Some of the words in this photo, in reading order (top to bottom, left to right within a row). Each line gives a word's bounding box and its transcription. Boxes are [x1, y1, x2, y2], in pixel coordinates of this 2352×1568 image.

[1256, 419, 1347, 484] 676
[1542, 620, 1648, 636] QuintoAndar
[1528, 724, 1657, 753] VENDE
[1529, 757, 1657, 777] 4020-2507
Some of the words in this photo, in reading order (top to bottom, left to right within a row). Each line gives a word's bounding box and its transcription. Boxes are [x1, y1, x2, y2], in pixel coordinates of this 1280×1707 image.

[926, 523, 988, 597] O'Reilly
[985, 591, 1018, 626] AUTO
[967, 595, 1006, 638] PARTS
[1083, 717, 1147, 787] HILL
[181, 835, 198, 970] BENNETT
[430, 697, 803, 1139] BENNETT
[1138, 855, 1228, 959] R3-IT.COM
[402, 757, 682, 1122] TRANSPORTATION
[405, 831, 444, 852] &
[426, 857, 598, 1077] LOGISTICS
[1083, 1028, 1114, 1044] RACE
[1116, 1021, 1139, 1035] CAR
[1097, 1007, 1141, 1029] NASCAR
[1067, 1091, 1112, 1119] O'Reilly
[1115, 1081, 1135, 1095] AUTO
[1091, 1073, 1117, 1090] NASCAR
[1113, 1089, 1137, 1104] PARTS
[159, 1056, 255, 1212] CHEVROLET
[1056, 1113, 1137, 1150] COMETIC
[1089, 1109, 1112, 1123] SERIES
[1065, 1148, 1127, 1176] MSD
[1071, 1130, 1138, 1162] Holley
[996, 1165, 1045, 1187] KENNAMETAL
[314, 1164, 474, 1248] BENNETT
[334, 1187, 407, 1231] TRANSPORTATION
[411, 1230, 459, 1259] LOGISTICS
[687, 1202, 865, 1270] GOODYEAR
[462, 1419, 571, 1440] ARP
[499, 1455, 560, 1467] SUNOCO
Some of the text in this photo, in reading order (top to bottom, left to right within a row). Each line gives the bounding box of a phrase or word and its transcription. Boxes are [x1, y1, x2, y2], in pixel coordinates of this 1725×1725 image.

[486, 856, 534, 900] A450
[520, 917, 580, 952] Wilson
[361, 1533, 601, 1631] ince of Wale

## Task to carry out
The entries above should be copied out exactly, with none left out.

## Answer area
Some of the words in this photo, in reading order (top to bottom, left to right within a row). Each line gives a word's bounding box and its transcription. Boxes are [x1, y1, x2, y2], in pixel coordinates of this 2352×1568 image.

[1256, 419, 1347, 484] 676
[1542, 620, 1648, 636] QuintoAndar
[1528, 724, 1657, 753] VENDE
[1529, 757, 1657, 777] 4020-2507
Some of the words in this photo, in reading order (top to bottom, left to right within a row). Each line gives a word's bounding box and its transcription. Boxes are [x1, y1, x2, y2], in pixel coordinates of this 1280×1707 image.

[926, 523, 988, 597] O'Reilly
[985, 591, 1018, 626] AUTO
[967, 595, 1006, 638] PARTS
[1083, 717, 1147, 787] HILL
[181, 835, 198, 970] BENNETT
[430, 697, 803, 1139] BENNETT
[1138, 855, 1228, 959] R3-IT.COM
[402, 757, 682, 1122] TRANSPORTATION
[405, 831, 444, 852] &
[426, 857, 598, 1077] LOGISTICS
[1083, 1028, 1114, 1044] RACE
[1116, 1021, 1139, 1035] CAR
[1097, 1007, 1141, 1029] NASCAR
[1067, 1091, 1112, 1119] O'Reilly
[1115, 1081, 1135, 1095] AUTO
[1091, 1073, 1117, 1090] NASCAR
[1113, 1089, 1137, 1104] PARTS
[159, 1056, 255, 1212] CHEVROLET
[1056, 1113, 1137, 1150] COMETIC
[1089, 1109, 1112, 1123] SERIES
[1065, 1148, 1127, 1176] MSD
[1071, 1130, 1138, 1162] Holley
[996, 1165, 1045, 1187] KENNAMETAL
[314, 1164, 474, 1248] BENNETT
[334, 1187, 407, 1231] TRANSPORTATION
[411, 1230, 459, 1259] LOGISTICS
[687, 1202, 865, 1270] GOODYEAR
[462, 1419, 571, 1440] ARP
[499, 1455, 560, 1467] SUNOCO
Some of the text in this photo, in reading order (top to bottom, left to right within a row). Each line gives the bounding box of a phrase or word and its transcription. Boxes are [x1, y1, x2, y2], in pixel coordinates of this 1725×1725 image.

[486, 856, 534, 900] A450
[520, 917, 580, 952] Wilson
[361, 1533, 601, 1631] ince of Wale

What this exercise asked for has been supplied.